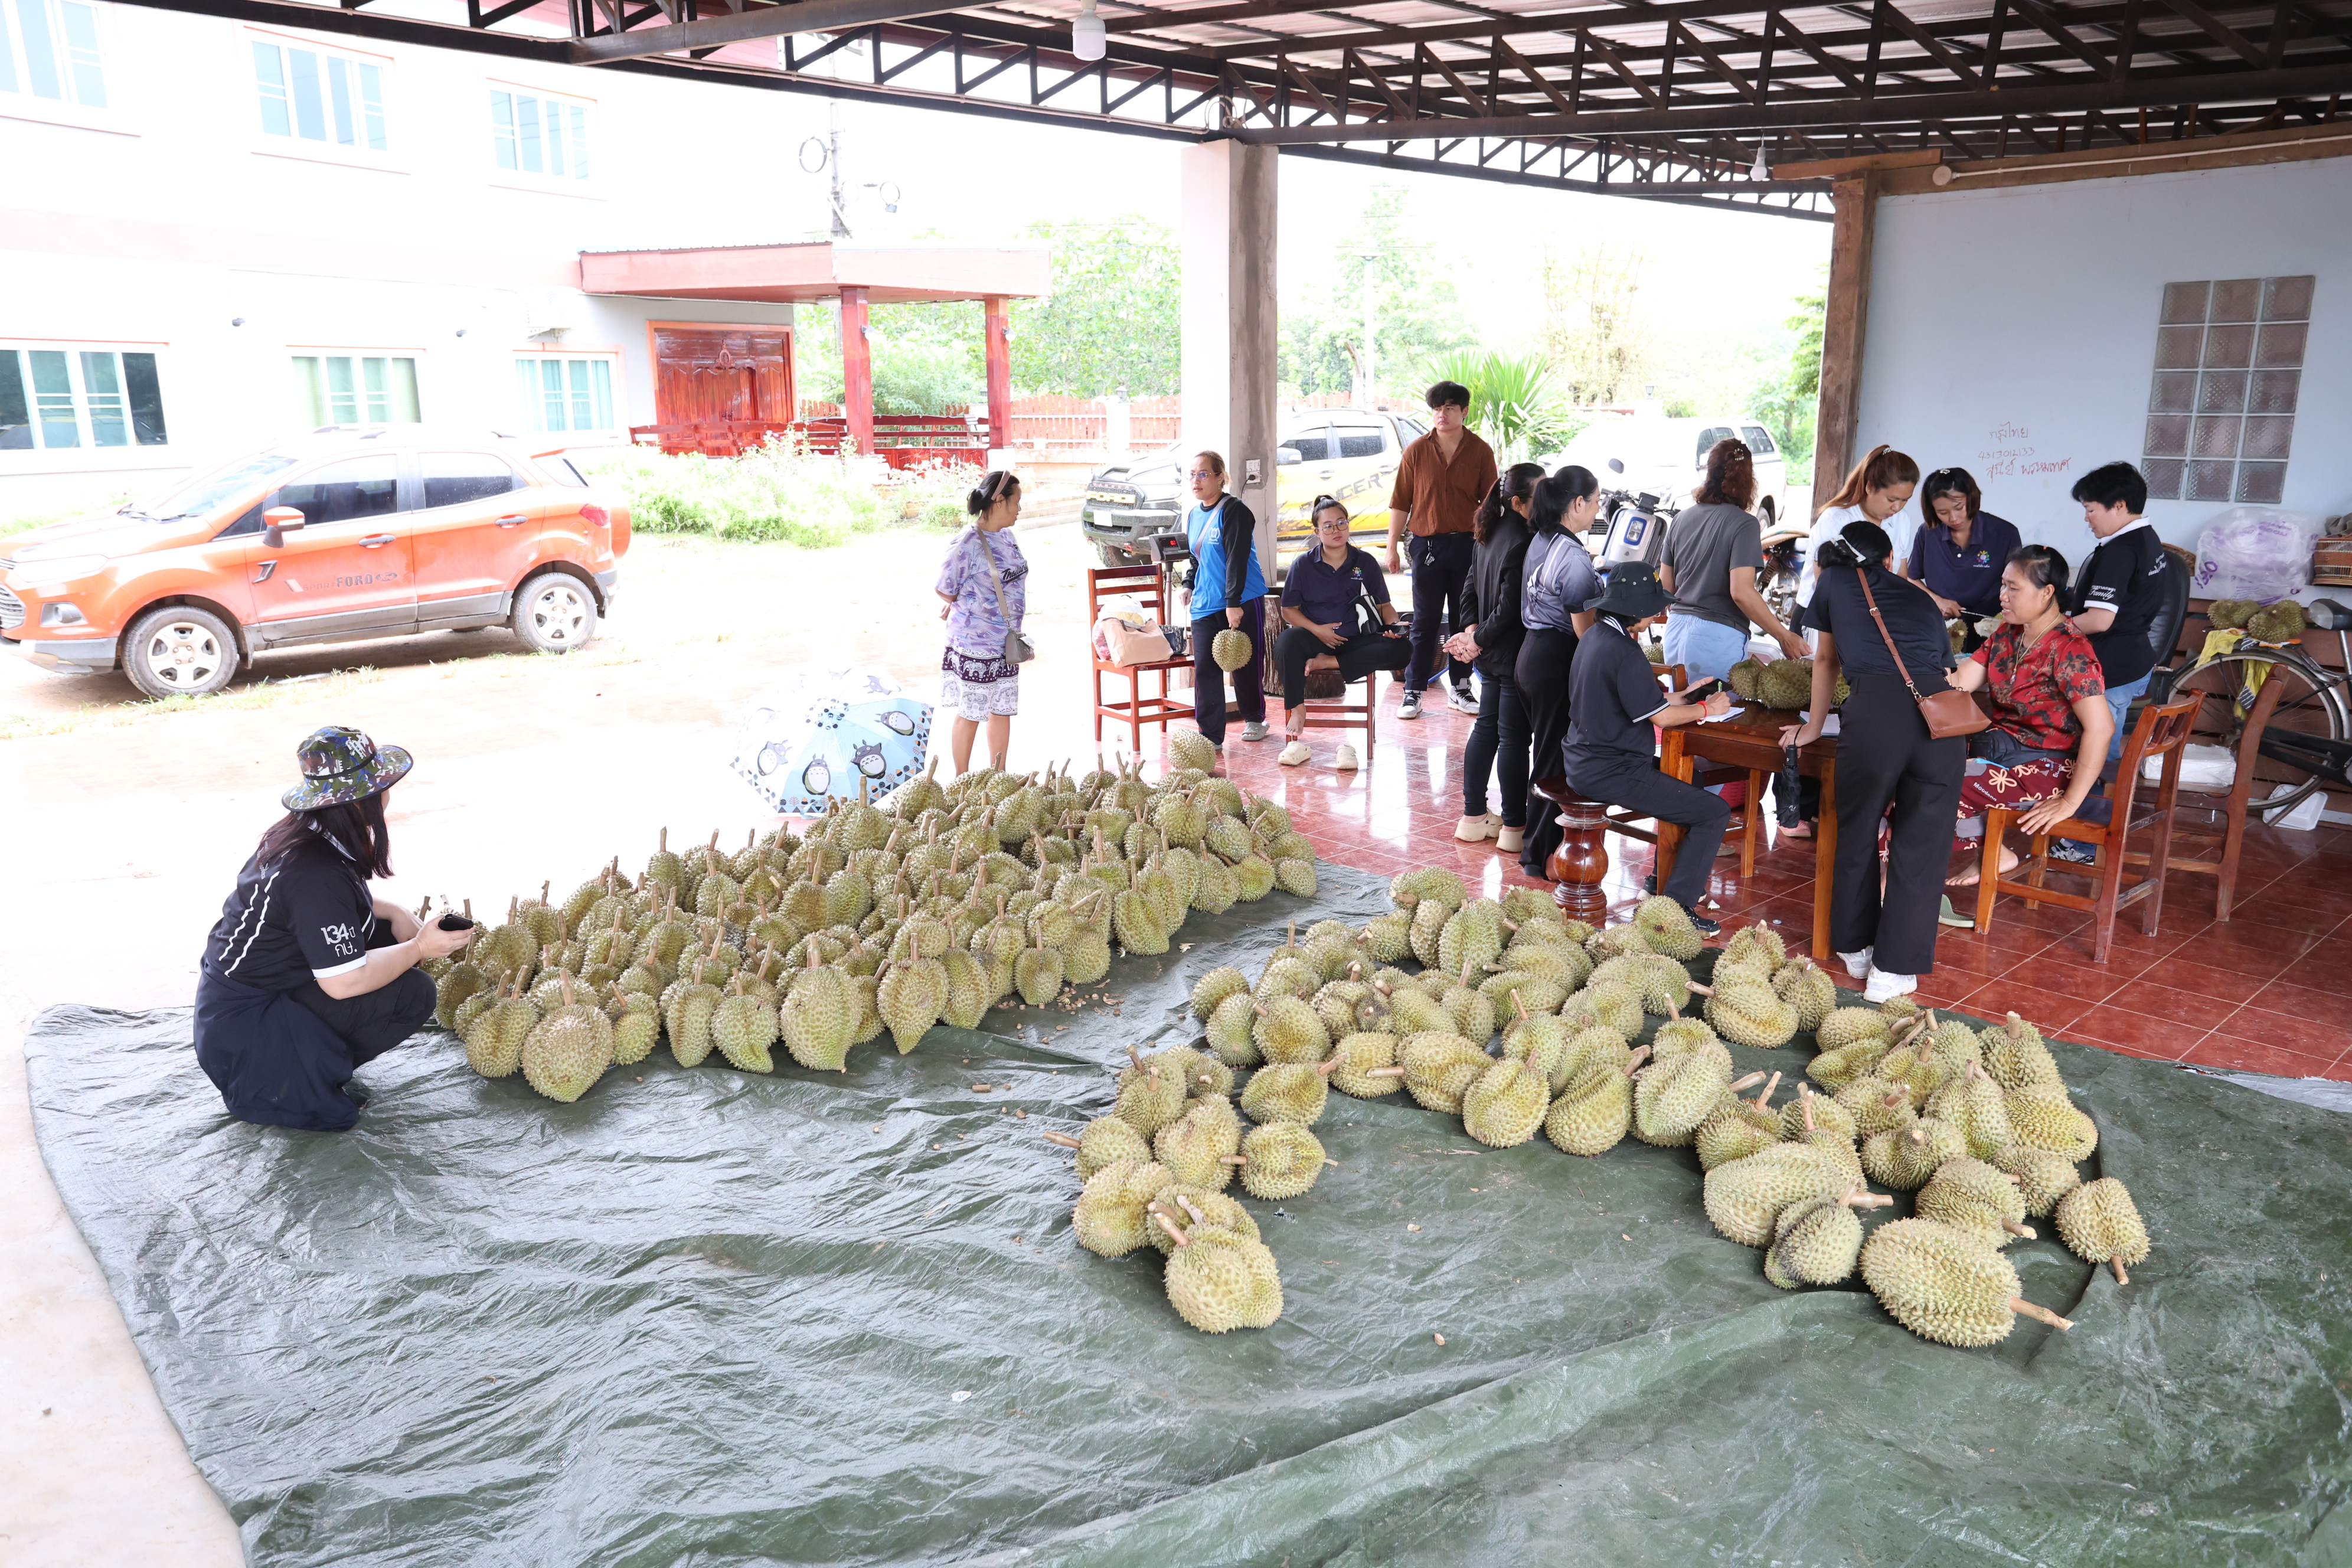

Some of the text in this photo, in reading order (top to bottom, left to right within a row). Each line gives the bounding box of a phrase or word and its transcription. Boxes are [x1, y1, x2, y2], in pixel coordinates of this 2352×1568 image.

[1990, 422, 2028, 443] กรุงไทย
[1978, 447, 2035, 460] 4313012133
[1086, 491, 1135, 504] FORD
[1299, 473, 1383, 518] RNGER
[336, 574, 373, 587] FORD
[2089, 588, 2114, 600] Family
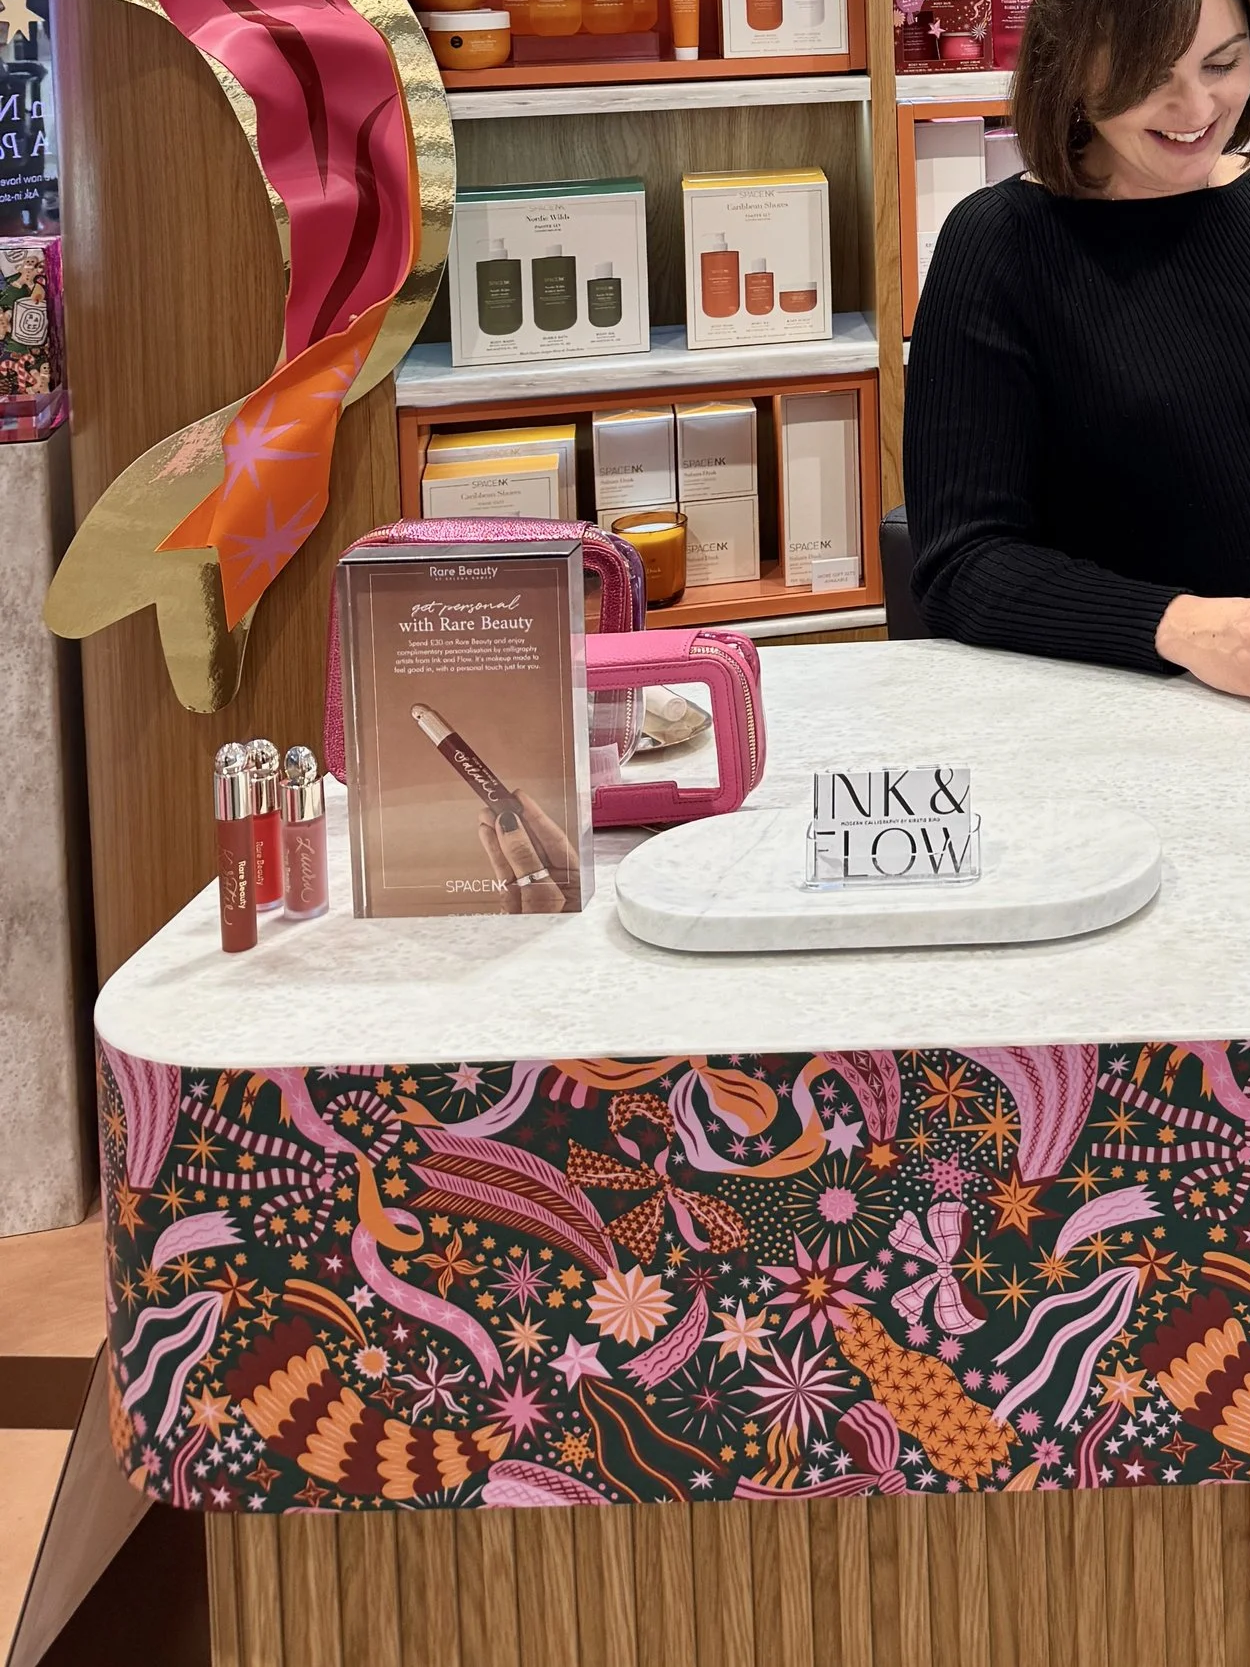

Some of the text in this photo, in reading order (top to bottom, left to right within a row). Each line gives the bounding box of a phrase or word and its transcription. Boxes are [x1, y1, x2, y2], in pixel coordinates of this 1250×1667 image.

[472, 478, 509, 489] SPACENK
[789, 539, 832, 553] SPACENK
[429, 565, 498, 578] Rare Beauty
[411, 594, 521, 618] get personal
[399, 615, 534, 633] with Rare Beauty
[408, 639, 428, 647] Spend
[430, 638, 444, 646] £30
[455, 638, 470, 646] Rare
[471, 637, 492, 646] Beauty
[493, 637, 506, 645] and
[507, 637, 525, 646] enjoy
[396, 645, 538, 657] complimentary personalisation by calligraphy
[395, 657, 414, 666] artists
[414, 656, 431, 664] from
[431, 656, 441, 664] Ink
[442, 655, 456, 664] and
[485, 654, 511, 663] makeup
[512, 654, 531, 662] made
[394, 666, 406, 674] feel
[407, 665, 425, 675] good
[435, 665, 449, 673] with
[456, 664, 484, 673] personal
[484, 663, 503, 671] touch
[503, 662, 516, 672] just
[516, 662, 526, 670] for
[814, 768, 970, 819] INK &
[814, 827, 971, 878] FLOW
[256, 841, 264, 886] Rare Beauty
[238, 860, 248, 909] Rare Beauty
[446, 879, 509, 893] SPACENK

- Task brief: Copy out every line of the material above exactly, skipping the pictures.

- Result for this task:
Some of the text in this photo, in reading order (top to bottom, left to right within a row). Each line gives the bounding box of a phrase or word and its transcription. Boxes are [x1, y1, x2, y2], in pixel coordinates of this 2352×1568 image.

[1990, 422, 2028, 443] กรุงไทย
[1978, 447, 2035, 460] 4313012133
[1086, 491, 1135, 504] FORD
[1299, 473, 1383, 518] RNGER
[336, 574, 373, 587] FORD
[2089, 588, 2114, 600] Family

Some of the text in this photo, in reading order (top to bottom, left to right within a row). Each line gives the bounding box of a phrase or word and its transcription. Boxes are [x1, y1, x2, y2], in pixel coordinates of this 1250×1667 image.

[472, 478, 509, 489] SPACENK
[789, 539, 832, 553] SPACENK
[429, 565, 498, 578] Rare Beauty
[411, 594, 521, 618] get personal
[399, 615, 534, 633] with Rare Beauty
[408, 639, 428, 647] Spend
[430, 638, 444, 646] £30
[455, 638, 470, 646] Rare
[471, 637, 492, 646] Beauty
[493, 637, 506, 645] and
[507, 637, 525, 646] enjoy
[396, 645, 538, 657] complimentary personalisation by calligraphy
[395, 657, 414, 666] artists
[414, 656, 431, 664] from
[431, 656, 441, 664] Ink
[442, 655, 456, 664] and
[485, 654, 511, 663] makeup
[512, 654, 531, 662] made
[394, 666, 406, 674] feel
[407, 665, 425, 675] good
[435, 665, 449, 673] with
[456, 664, 484, 673] personal
[484, 663, 503, 671] touch
[503, 662, 516, 672] just
[516, 662, 526, 670] for
[814, 768, 970, 819] INK &
[814, 827, 971, 878] FLOW
[256, 841, 264, 886] Rare Beauty
[238, 860, 248, 909] Rare Beauty
[446, 879, 509, 893] SPACENK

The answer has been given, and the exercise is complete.